Gewerbliche Schuldenberatungsstellen haben keine einheitlichen Honorierungen. Seriöse Anbieter machen vorab einen Kostenvoranschlag und bieten eine einmalige Pauschale für alle Verfahrensschritte an. Man sollte im Verlauf der drei Jahre bis zur endgültigen Restschuldbefreiung mit 1.000 Euro bis 2.000 Euro rechnen.
Welche Möglichkeiten zur Schuldenbereinigung gibt es?
Wer bei mehreren Gläubigern Schulden hat, der hat grundsätzlich drei Möglichkeiten, das Problem zu beheben. Die bekannteste ist die Ratenzahlung. Dabei wird mit jedem Gläubiger einzeln eine bestimmte monatliche Rate ausgehandelt und solange abbezahlt, bis die Schulden vollständig beglichen sind.
Eine zweite Möglichkeit ist der außergerichtliche wirtschaftliche Vergleich. Dabei einigen sich die Schuldnerin beziehungsweise der Schuldner und die Gläubiger auf einen Betrag, der möglichst mit einem Mal zurückgezahlt wird. Vorteil: Der Betrag ist nicht ganz so hoch wie die tatsächlichen Schulden. Nachteil: Dafür benötigt man noch einen Grundstock an Geld. Der ist aber bei den meisten Schuldnerinnen und Schuldnern nicht mehr verfügbar. Und eine spendable Tante hat auch nicht jeder an der Hand.

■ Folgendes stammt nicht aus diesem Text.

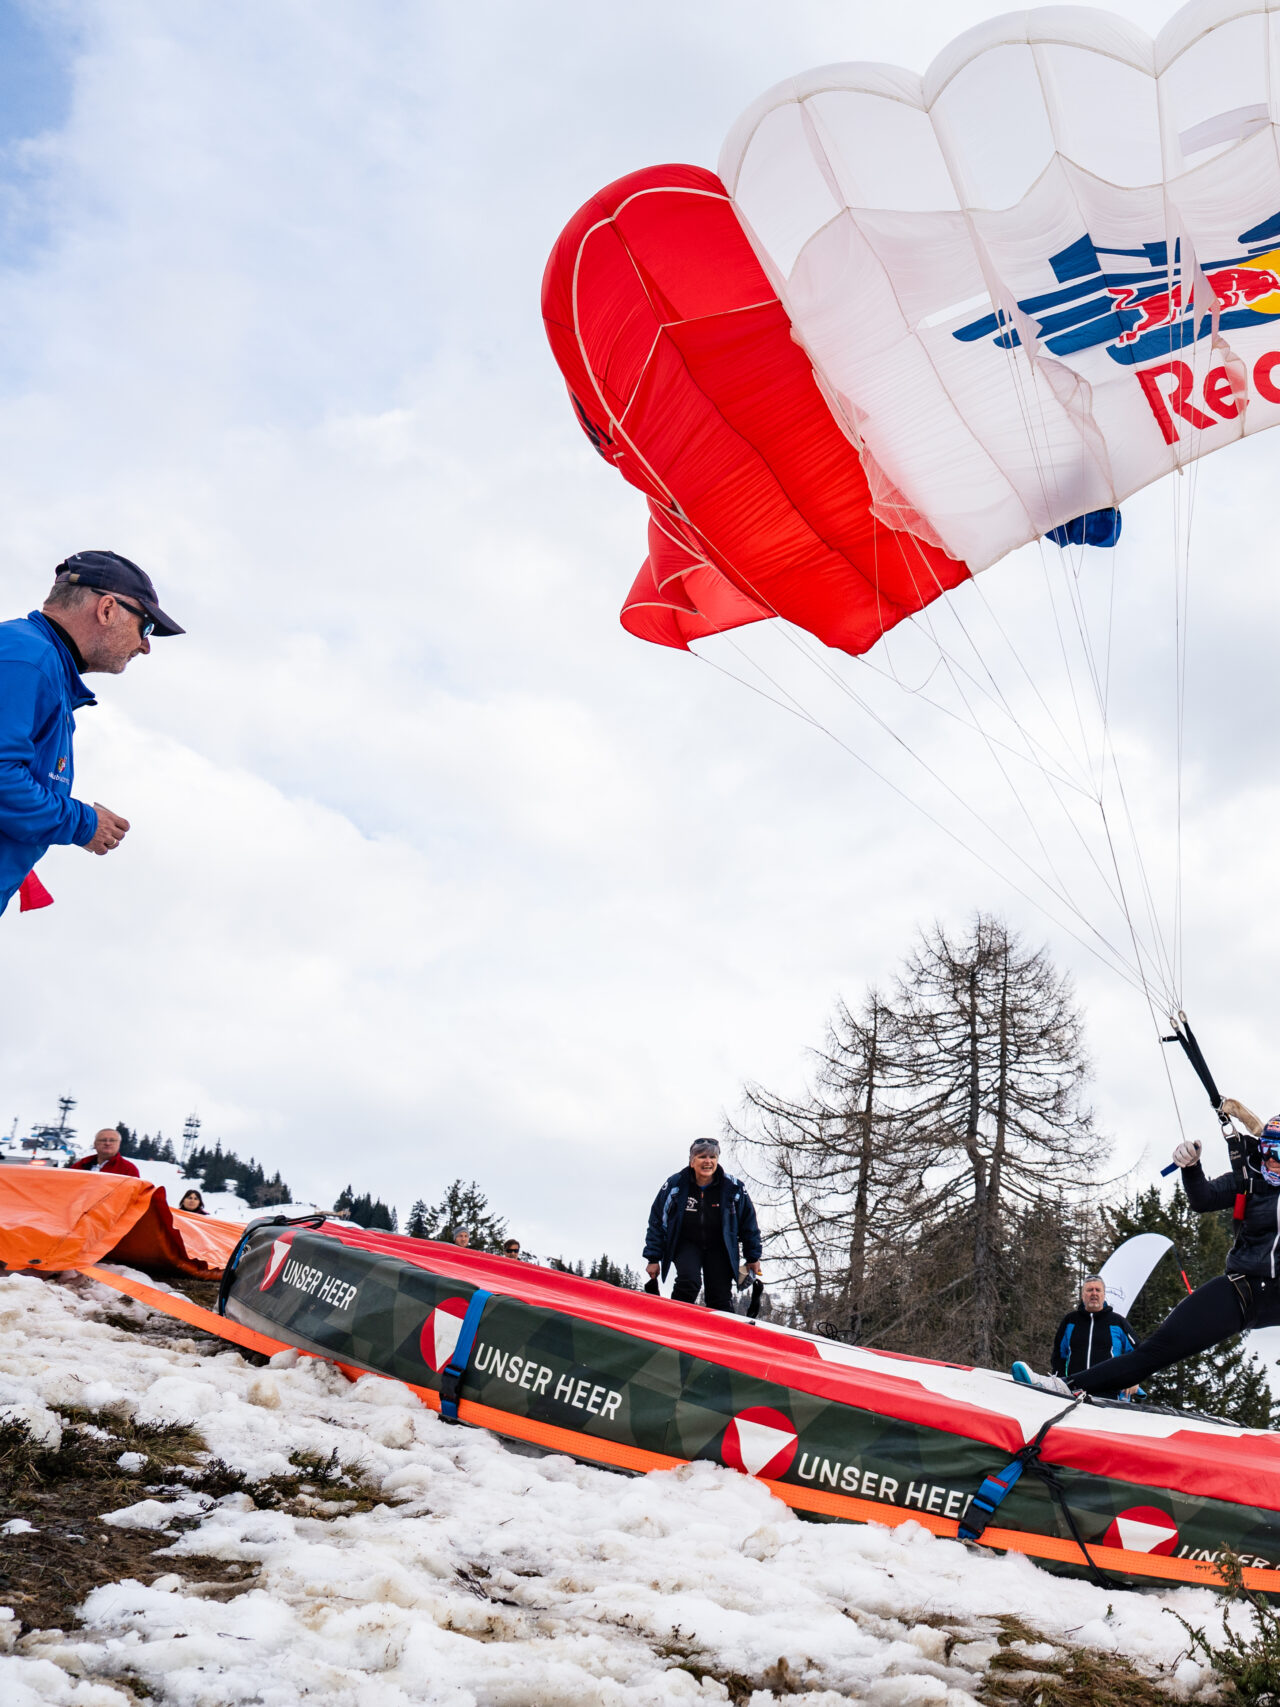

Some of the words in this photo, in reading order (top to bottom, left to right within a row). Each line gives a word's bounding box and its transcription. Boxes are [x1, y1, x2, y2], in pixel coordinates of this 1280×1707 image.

[282, 1258, 323, 1295] UNSER
[317, 1275, 358, 1311] HEER
[474, 1342, 553, 1396] UNSER
[553, 1373, 623, 1421] HEER
[797, 1452, 899, 1503] UNSER

Die dritte Option ist die Privatinsolvenz. Also die gerichtliche Schuldenregulierung, bei der man über drei Jahre hinweg monatlich eine festgesetzte Summe an das Gericht überweist und im Gegenzug mit einem Schlag alle Schulden loswird.
Ab wann ist eine Privatinsolvenz angezeigt und sinnvoll?

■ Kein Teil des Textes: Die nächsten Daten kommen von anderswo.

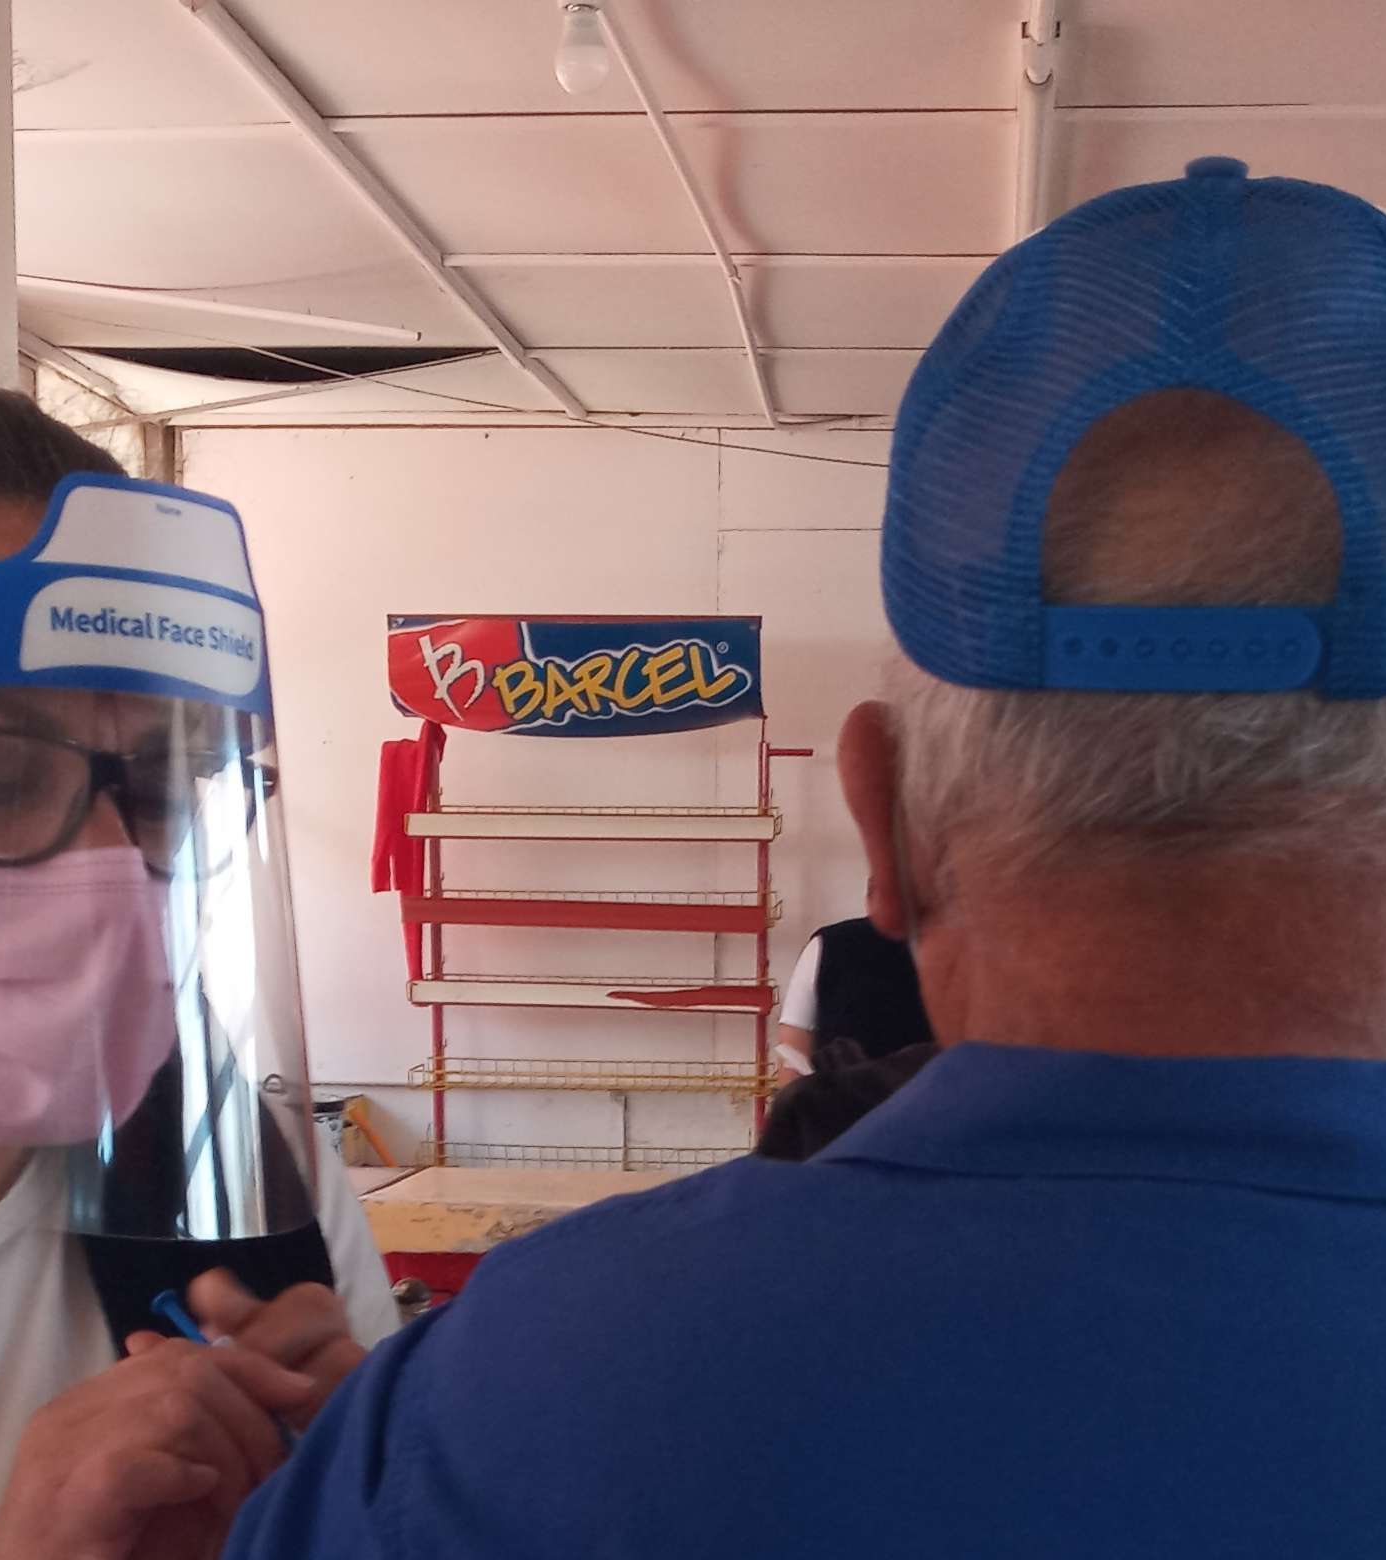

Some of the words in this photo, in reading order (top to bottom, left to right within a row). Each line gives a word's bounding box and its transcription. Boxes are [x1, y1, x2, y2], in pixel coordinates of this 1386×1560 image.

Ob eine Privatinsolvenz der richtige Weg ist, hängt von der Lebenssituation und den Einkommensmöglichkeiten ab. Denn wichtig zu wissen ist, was innerhalb des Insolvenzzeitraums zurückgezahlt werden muss: Der monatliche Betrag ist gesetzlich festgeschrieben und steht in der sogenannten Pfändungstabelle.
Ein Familienvater mit zwei Kindern und etwa 2.000 Euro Nettoeinkommen zahlt laut Pfändungstabelle aktuell 50,29 Euro pro Monat. Nach drei Jahren und regelmäßiger Zahlung bekommt er einen Bescheid über die Restschuldbefreiung. Seit der Gesetzesreform Anfang 2021 darf man innerhalb dieser drei Jahre keine unverhältnismäßigen neuen Schulden aufnehmen und das Verfahren wird in der Schufa-Auskunft aufgeführt.
Der große Vorteil: Mit dem Insolvenzantrag steht man unter Vollstreckungsschutz und die Gläubiger dürfen keine Zahlungsaufforderungen mehr schicken.
Deshalb ist die Privatinsolvenz für viele Privatpersonen die Rettung. So bekommen sie wieder Luft und können oft auch mit therapeutischer Hilfe einen Neustart versuchen.